------ The records

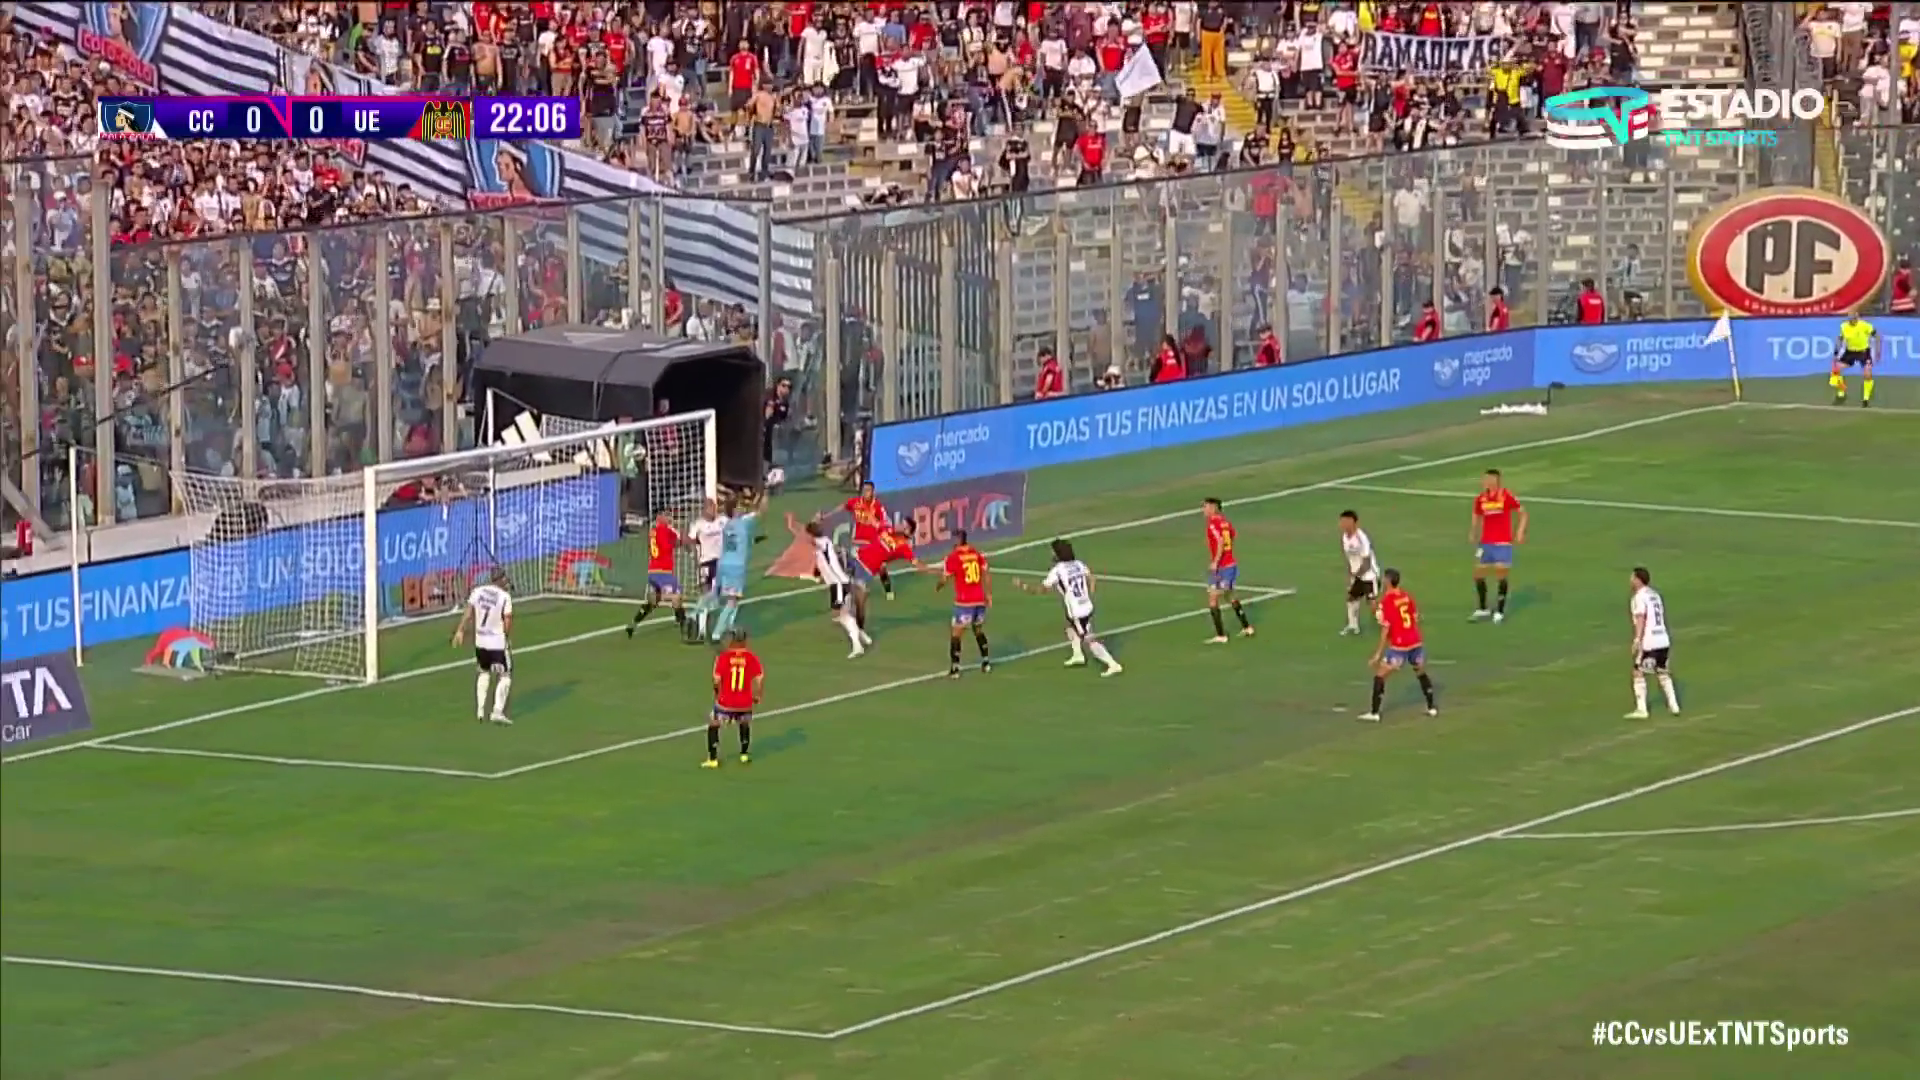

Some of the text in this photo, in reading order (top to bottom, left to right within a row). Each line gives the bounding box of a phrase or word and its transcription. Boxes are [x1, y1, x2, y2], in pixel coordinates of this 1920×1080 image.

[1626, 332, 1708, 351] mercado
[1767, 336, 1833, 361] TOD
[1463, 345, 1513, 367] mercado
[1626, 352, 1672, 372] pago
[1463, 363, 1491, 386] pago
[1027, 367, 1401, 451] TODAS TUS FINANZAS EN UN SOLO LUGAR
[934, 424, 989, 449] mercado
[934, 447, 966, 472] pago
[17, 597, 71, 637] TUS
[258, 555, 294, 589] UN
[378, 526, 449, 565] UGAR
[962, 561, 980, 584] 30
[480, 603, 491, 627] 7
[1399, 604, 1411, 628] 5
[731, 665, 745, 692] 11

------------

Everything in the listing above must be restated word for word, except the images.

Some of the text in this photo, in reading order (top to bottom, left to right within a row). Each line gives the bounding box of a phrase or word and its transcription. Boxes are [x1, y1, x2, y2], in pixel coordinates of this 1920×1080 image.

[1626, 332, 1708, 351] mercado
[1767, 336, 1833, 361] TOD
[1463, 345, 1513, 367] mercado
[1626, 352, 1672, 372] pago
[1463, 363, 1491, 386] pago
[1027, 367, 1401, 451] TODAS TUS FINANZAS EN UN SOLO LUGAR
[934, 424, 989, 449] mercado
[934, 447, 966, 472] pago
[17, 597, 71, 637] TUS
[258, 555, 294, 589] UN
[378, 526, 449, 565] UGAR
[962, 561, 980, 584] 30
[480, 603, 491, 627] 7
[1399, 604, 1411, 628] 5
[731, 665, 745, 692] 11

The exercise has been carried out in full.